46 Hari Ini

400 74 44
                                    


Ronald mengucapkan kalimat sangat lirih. Ucapan lirih yang hanya bisa didengar oleh telinga Aliya yang teramat sangat dekat dengan bibir Ronald.

Aliya berjengit. Dia mengambil jarak dari tubuh Ronald. Dilihatnya laki-laki itu tersenyum tipis, seperti biasanya. Senyum yang membuat Aliya menunduk salah tingkah. Ronald benar-benar seperti teka-teki. Belum lama ini laki-laki itu lebih banyak diamnya. Sedikit bicara dan kesulitan menjelaskan. Tapi akhir-akhir ini banyak sekali perubahannya.

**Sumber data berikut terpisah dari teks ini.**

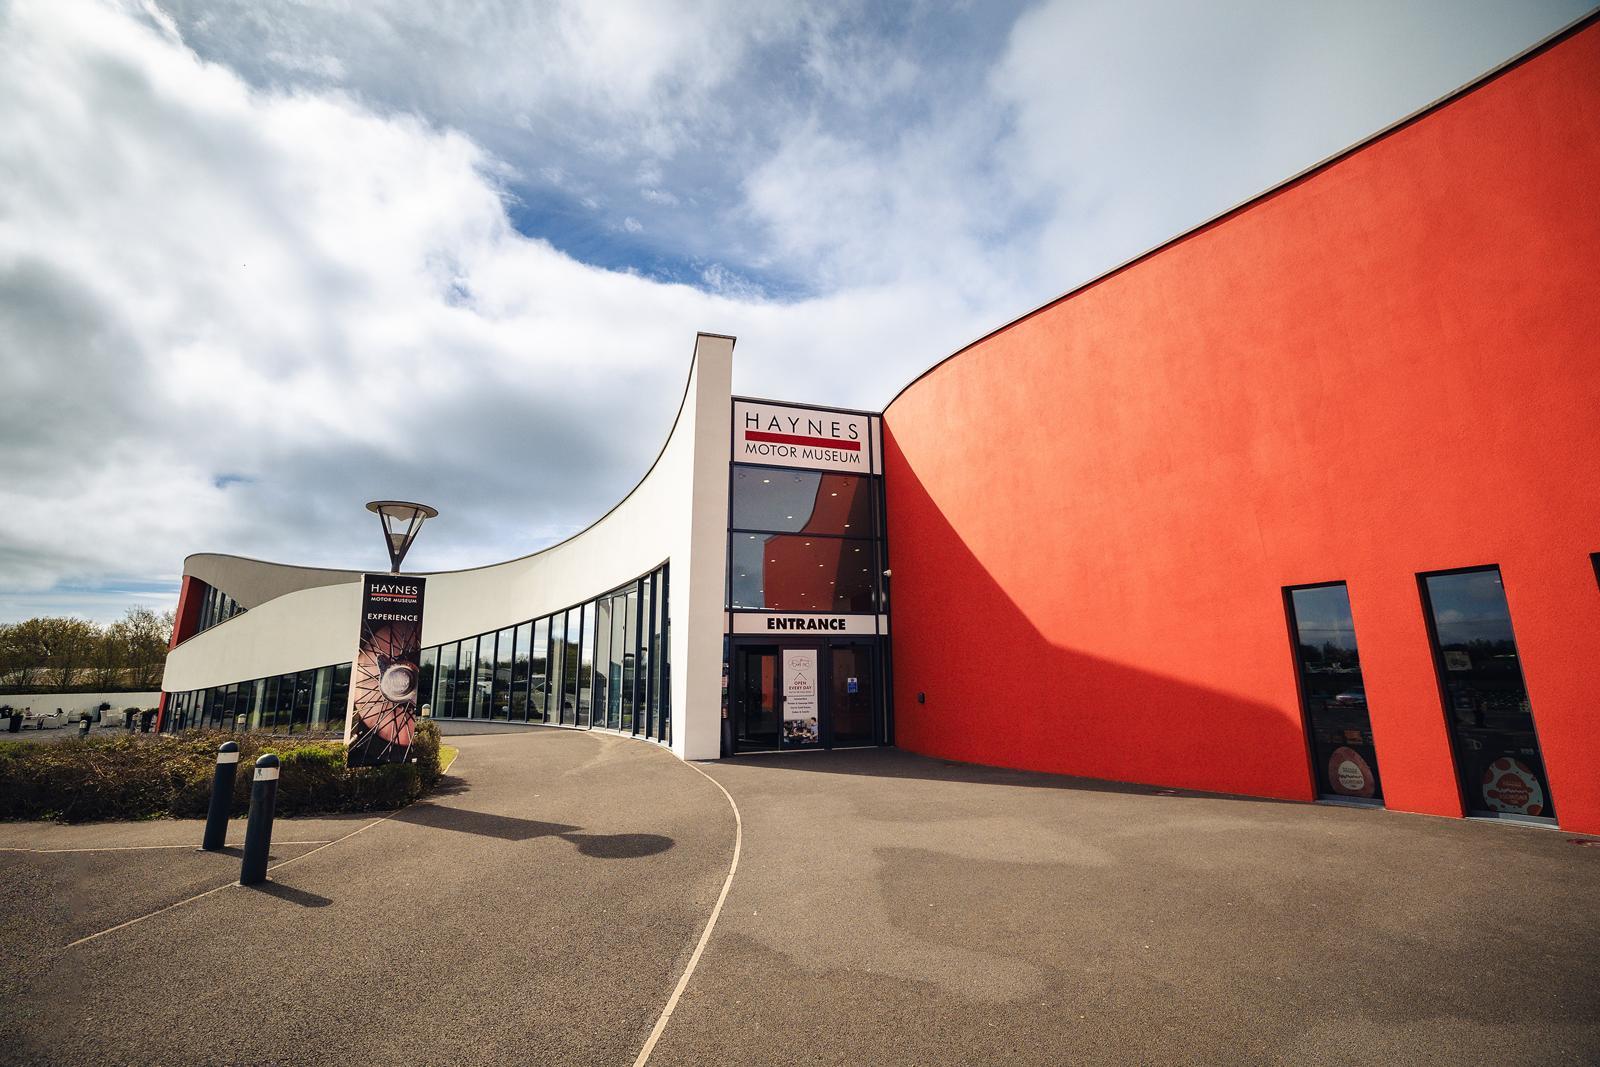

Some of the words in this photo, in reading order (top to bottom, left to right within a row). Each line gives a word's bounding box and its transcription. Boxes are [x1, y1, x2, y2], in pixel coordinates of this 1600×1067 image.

[745, 412, 858, 440] HAYNES
[745, 443, 797, 458] MOTOR
[802, 449, 860, 464] MUSEUM
[371, 584, 418, 595] HAYNES
[367, 613, 418, 622] EXPERIENCE
[767, 618, 846, 630] ENTRANCE

Laki-laki itu mulai mengurus Toko Merah. Dia juga meminta pertimbangan Aliya untuk mengikuti konser Mas Andi. Membersihkan lantai ini sehingga menjadi ruang yang nyaman untuk membaca. Aliya dibuat kagum karena perubahan laki-laki itu.

Aliya merasakan hatinya semakin terbuka untuk Ronald. Laki-laki itu lebih tangkas dalam gerak. Dulu dia diam-diam, sering menunggunya di cafe, di atas kantornya. Mengirimkan makanan, juga mengantar jemputnya. Tadi laki-laki itu asyik menggenggam tangannya. Dan baru saja, laki-laki itu bergerak mendekat ke tubuhnya..

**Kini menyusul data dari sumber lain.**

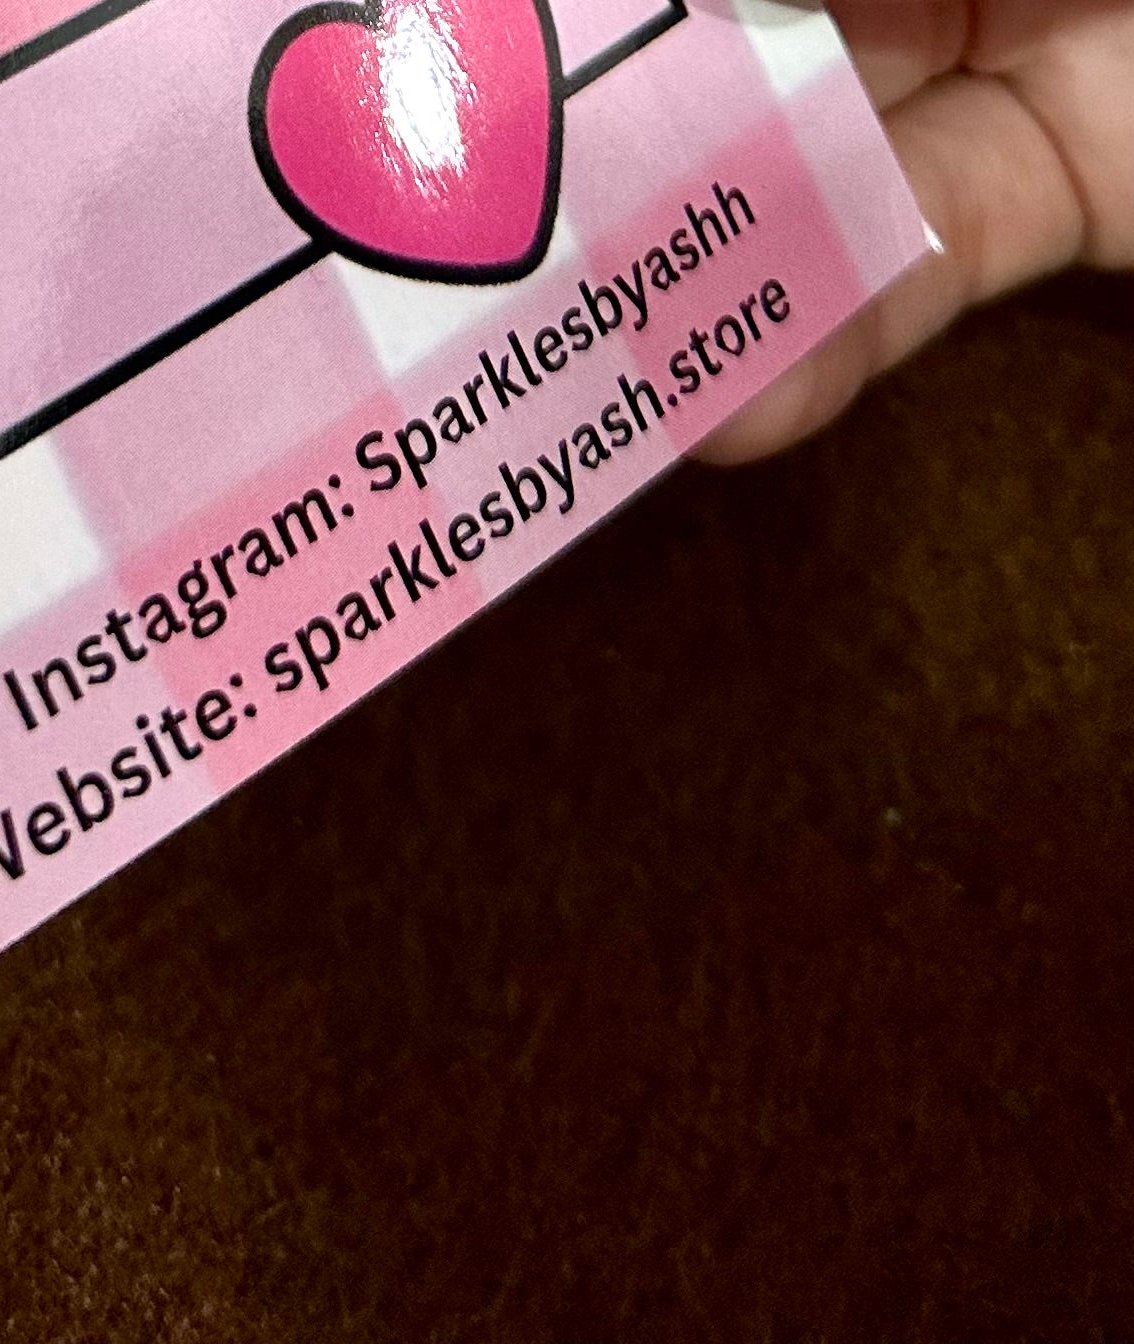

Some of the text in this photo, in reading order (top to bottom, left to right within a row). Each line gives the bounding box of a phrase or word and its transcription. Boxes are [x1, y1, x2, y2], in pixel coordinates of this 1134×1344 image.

[4, 181, 757, 731] Instagram: Sparklesbyashh
[265, 277, 792, 693] sparklesbyash.store
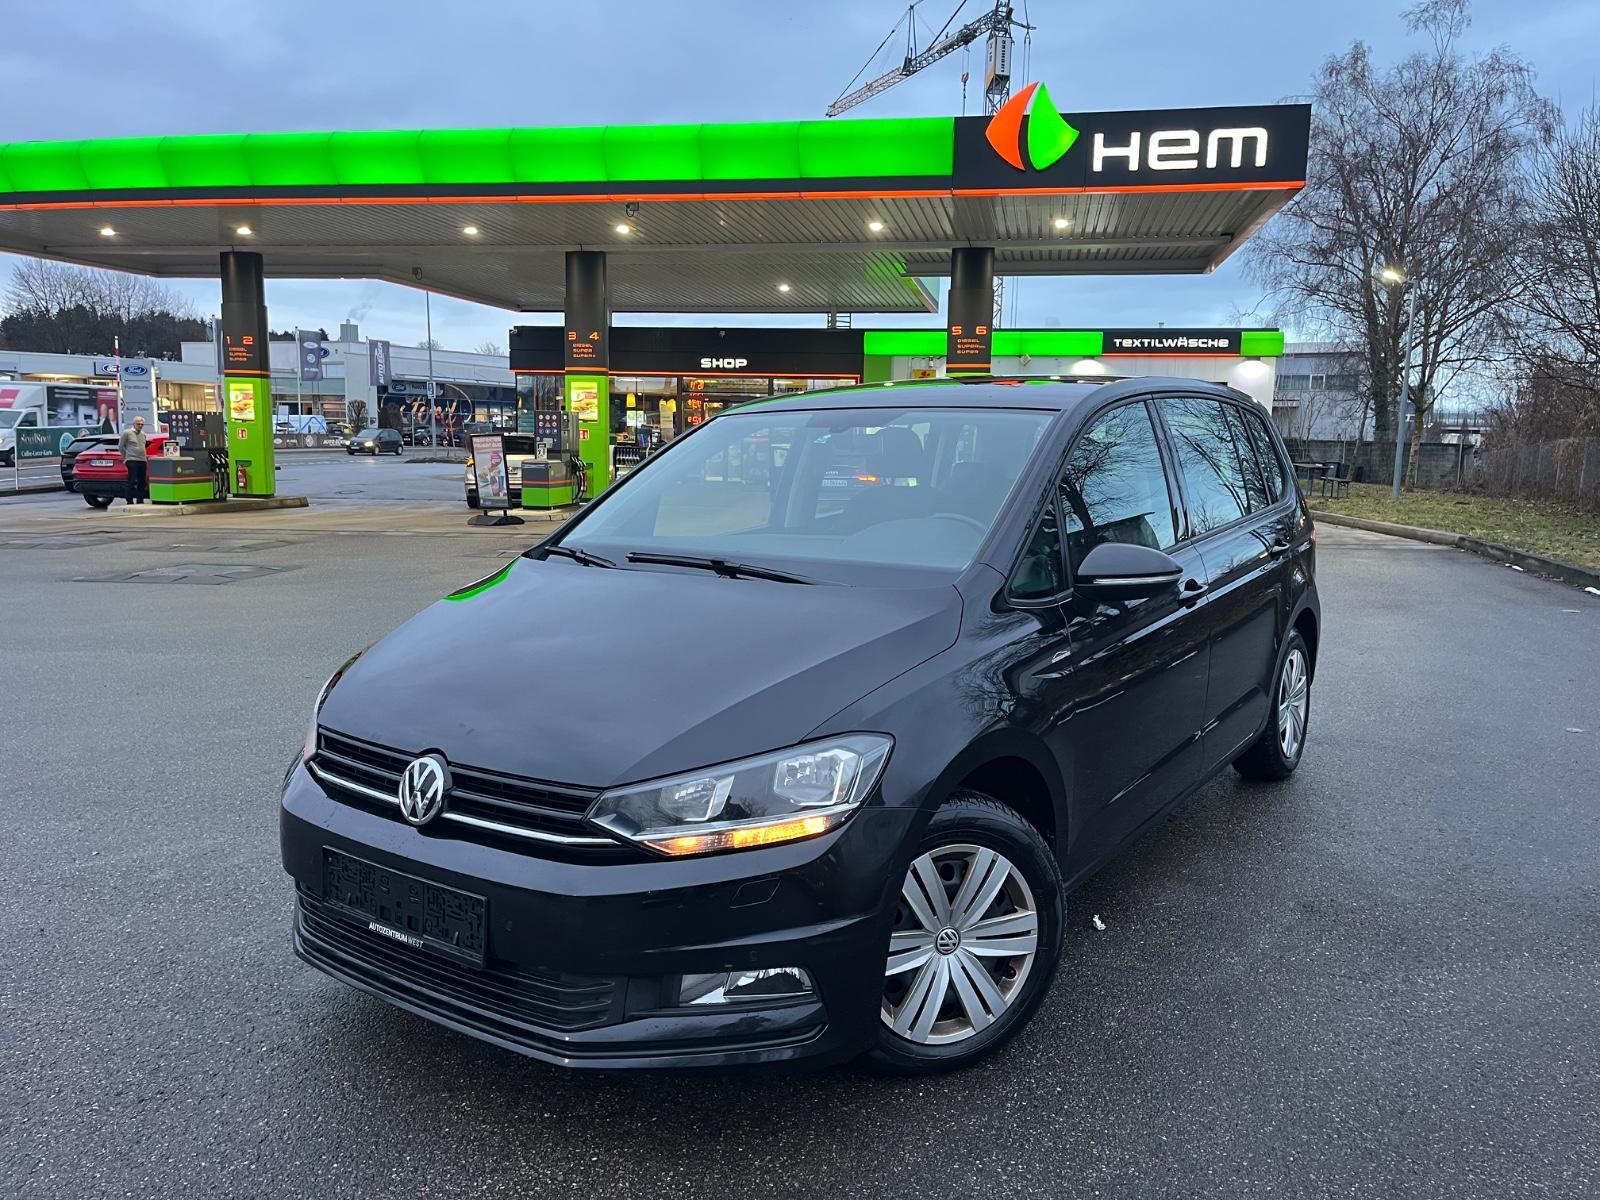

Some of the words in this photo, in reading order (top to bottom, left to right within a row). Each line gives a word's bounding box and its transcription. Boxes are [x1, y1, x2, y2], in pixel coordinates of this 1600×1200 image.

[952, 326, 962, 335] 5
[976, 326, 987, 335] 6
[226, 335, 231, 344] 1
[242, 336, 254, 345] 2
[568, 331, 577, 340] 3
[589, 331, 600, 340] 4
[700, 358, 748, 369] SHOP
[126, 366, 145, 375] Ford
[369, 921, 408, 943] AUTOZENTRUM
[408, 936, 424, 948] WEST

Sialnya, tubuh Aliya seakan mengijinkan semuanya itu. Dia menerimanya. Entah apa yang membuat Aliya seperti itu. Dia tidak seperti Imah yang bisa menolak Leon dengan tegas. Aliya seakan takluk pada Ronald. Pada senyum tipis laki-laki itu. Apakah dia sedang terjajah rasa?

"Sorry," Ronald menarik tubuhnya menjauhi Aliya.

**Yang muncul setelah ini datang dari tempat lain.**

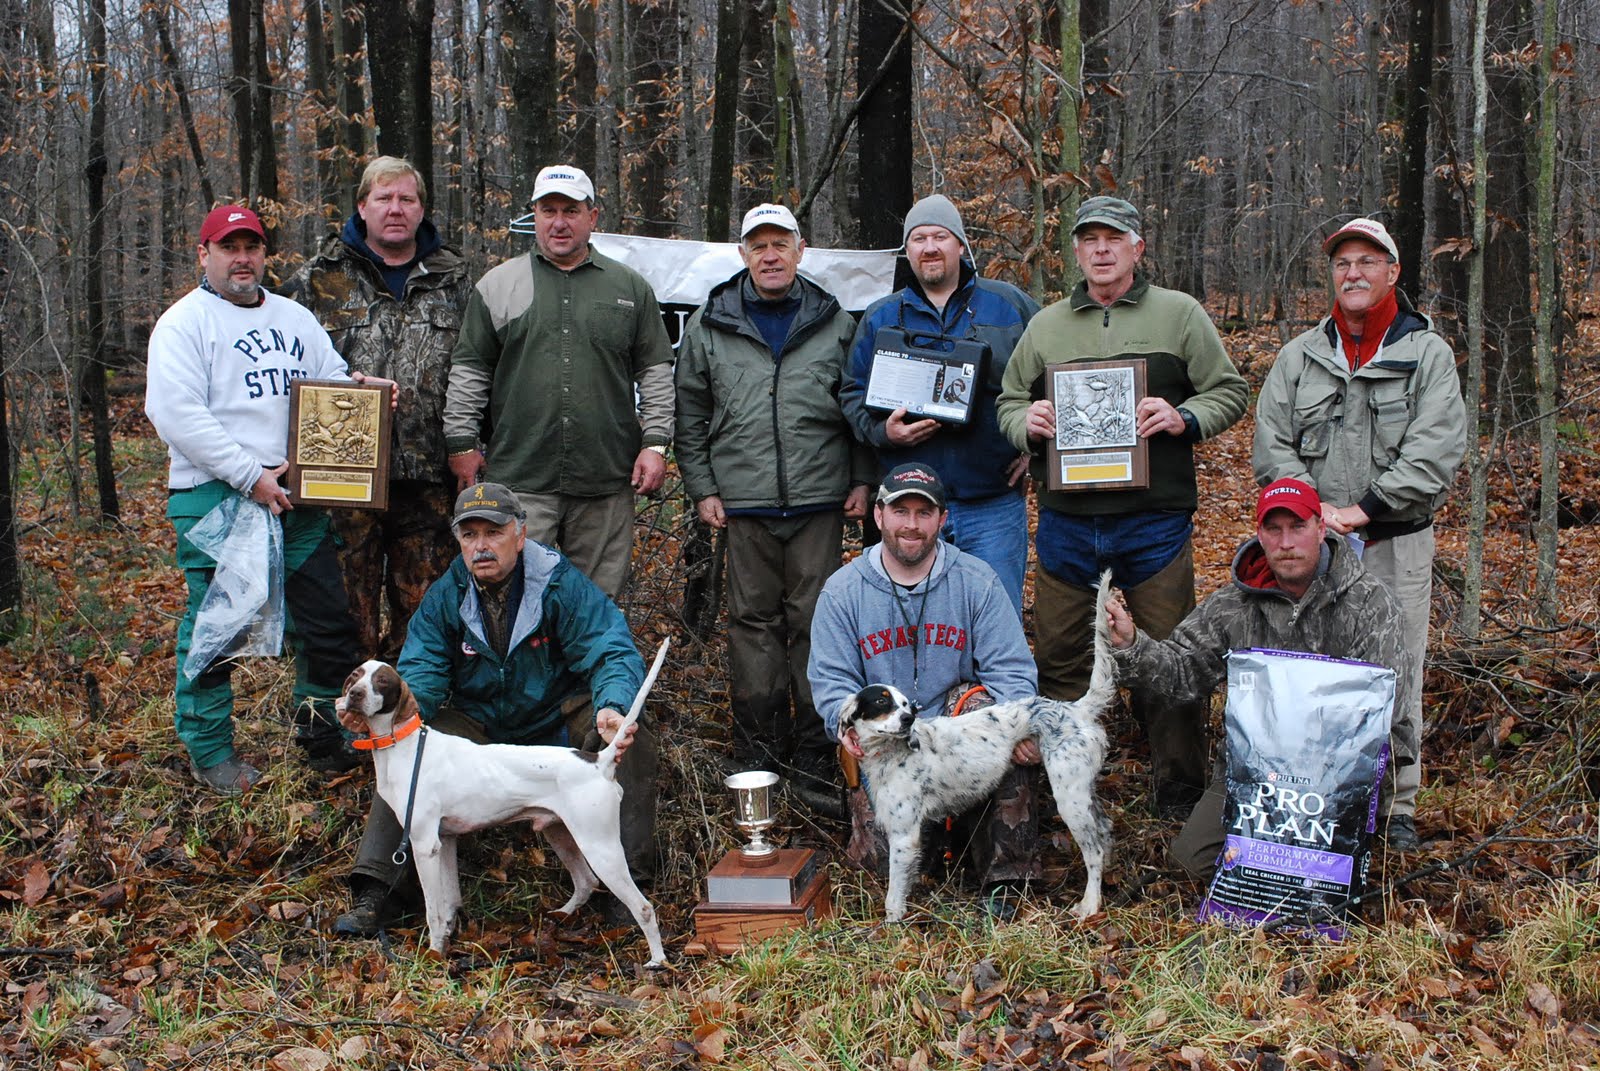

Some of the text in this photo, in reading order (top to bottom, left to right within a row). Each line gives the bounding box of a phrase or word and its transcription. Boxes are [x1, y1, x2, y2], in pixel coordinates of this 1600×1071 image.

[233, 328, 305, 363] PENN
[877, 350, 900, 358] CLASSIC
[244, 368, 307, 399] STA
[463, 500, 498, 509] BROWNING
[858, 623, 967, 660] TEXAS TECH
[1276, 774, 1312, 785] PURINA
[1251, 782, 1325, 816] PRO
[1233, 804, 1340, 846] PLAN
[1248, 851, 1303, 870] FORMULA
[1249, 841, 1334, 865] PERFORMANCE
[1244, 869, 1258, 877] REAL
[1260, 872, 1285, 881] CHICKEN

Aliya melihat jam tangannya lagi.

"Mau pulang sekarang?" Tanya Ronald.

Aliya melihat jumlah lembaran buku pertama yang tinggal sedikit. Tanggung. Ujarnya, "Jam 10 deh."

Ronald mengangguk beberapa kali. Dia kembali berbaring di sebelah Aliya. Meraih tangan Aliya lagi, menggenggamnya di atas dadanya.

Aliya membiarkannya, merasakan hangat genggaman tangan laki-laki itu. Dia tidak menolaknya. Bahkan, dia menyukainya.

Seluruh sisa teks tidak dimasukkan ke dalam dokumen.